● **PROBLEM DETAILS**: Excluding images, repeat the data exactly as given.

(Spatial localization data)

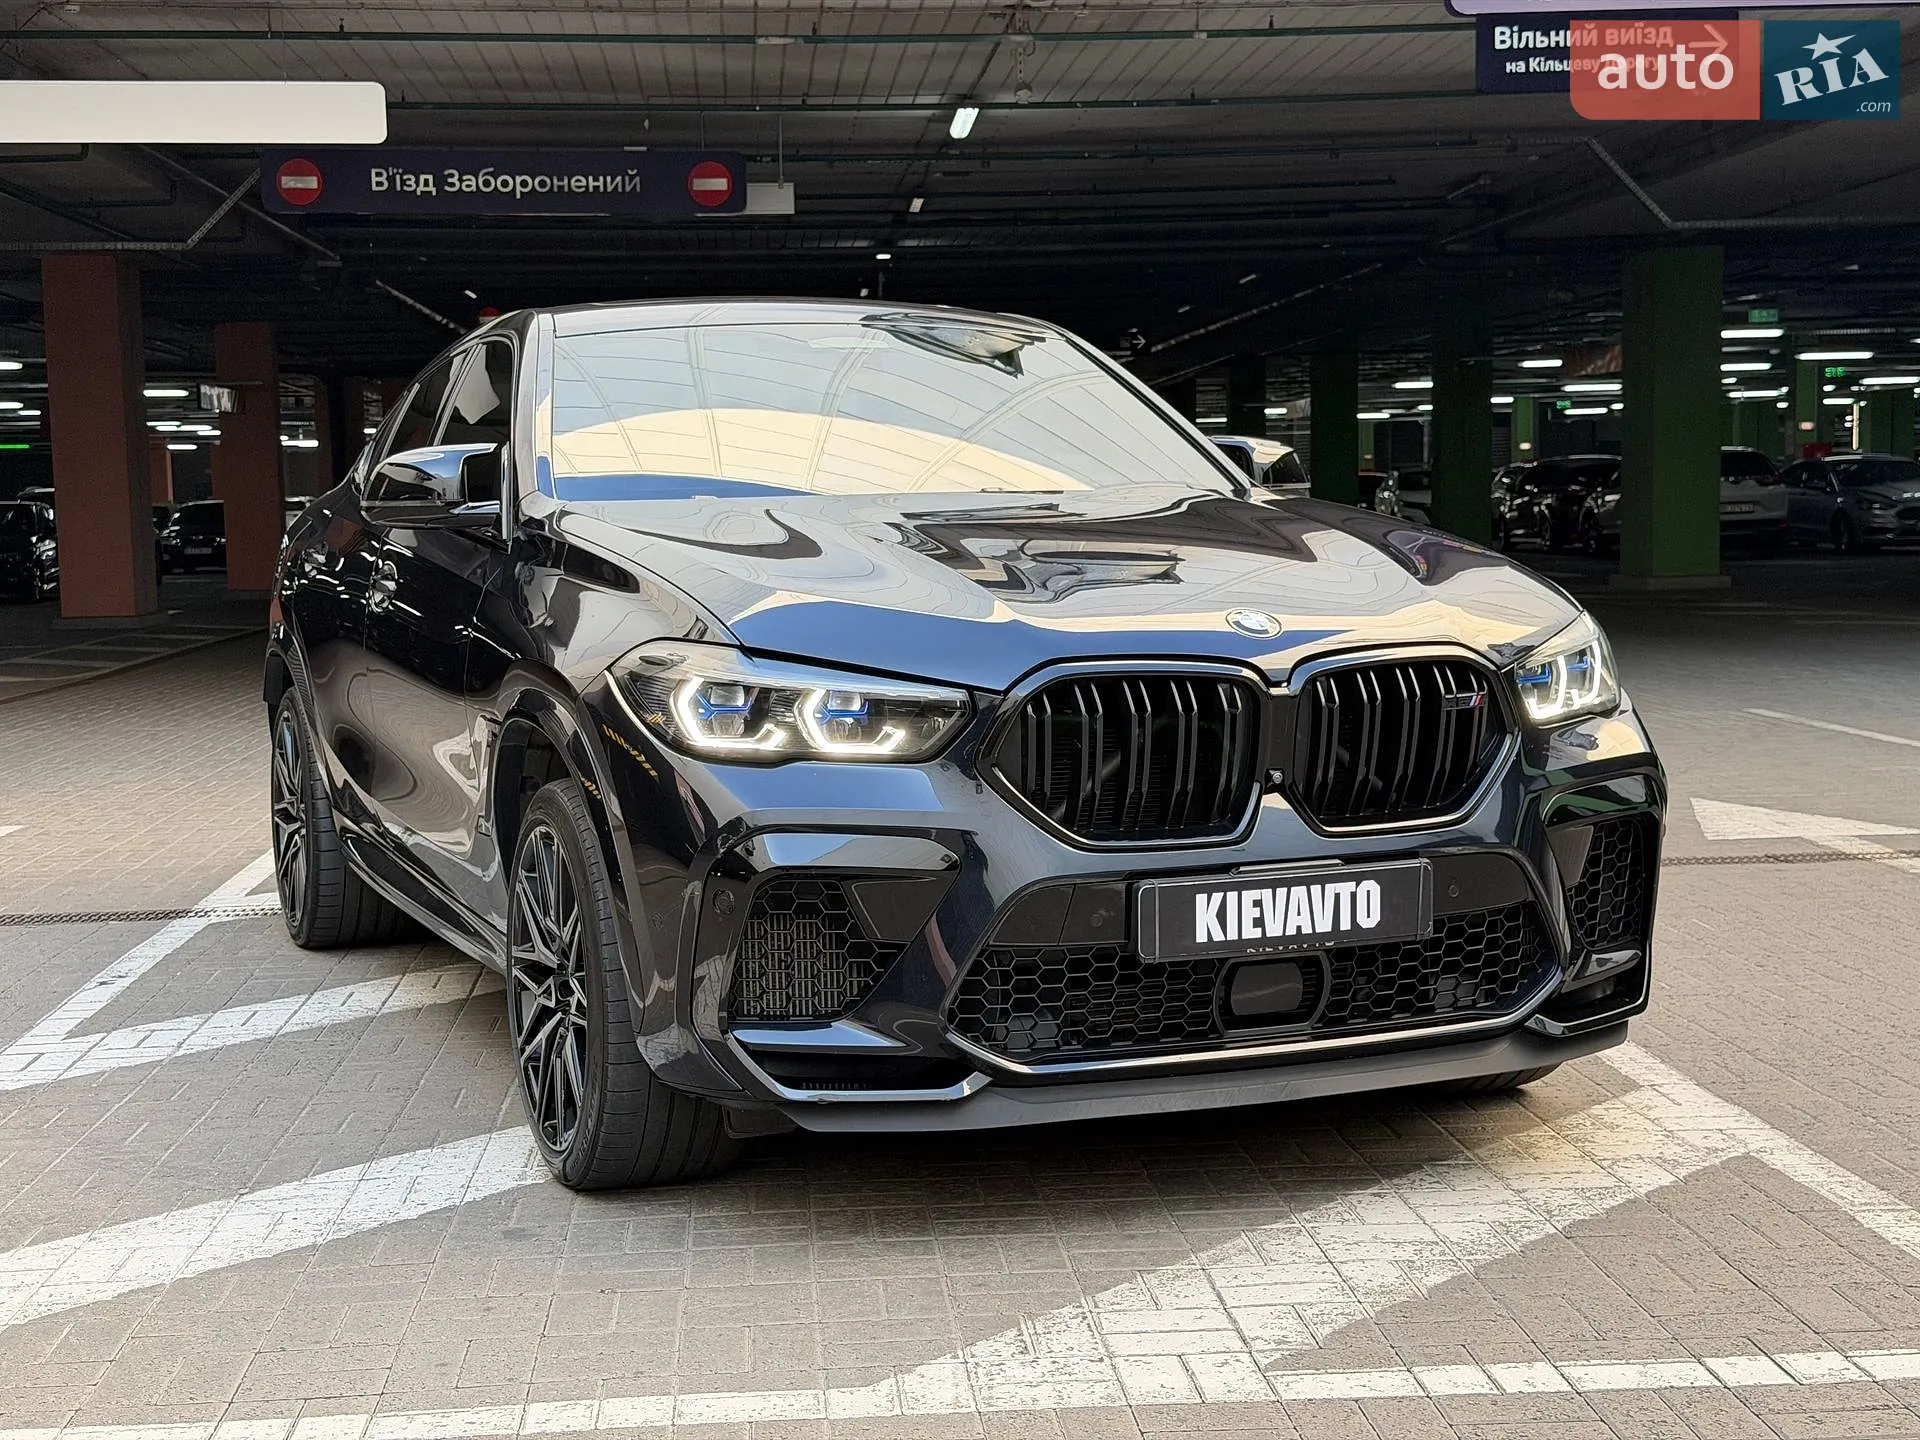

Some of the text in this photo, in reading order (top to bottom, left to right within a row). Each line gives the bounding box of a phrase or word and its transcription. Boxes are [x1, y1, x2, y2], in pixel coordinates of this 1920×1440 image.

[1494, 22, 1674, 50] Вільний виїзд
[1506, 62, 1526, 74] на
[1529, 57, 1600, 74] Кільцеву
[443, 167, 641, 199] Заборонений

● **TASK SOLUTION**:
Some of the text in this photo, in reading order (top to bottom, left to right within a row). Each line gives the bounding box of a phrase or word and its transcription. Boxes are [x1, y1, x2, y2], in pixel coordinates of this 1920×1440 image.

[1494, 22, 1674, 50] Вільний виїзд
[1506, 62, 1526, 74] на
[1529, 57, 1600, 74] Кільцеву
[443, 167, 641, 199] Заборонений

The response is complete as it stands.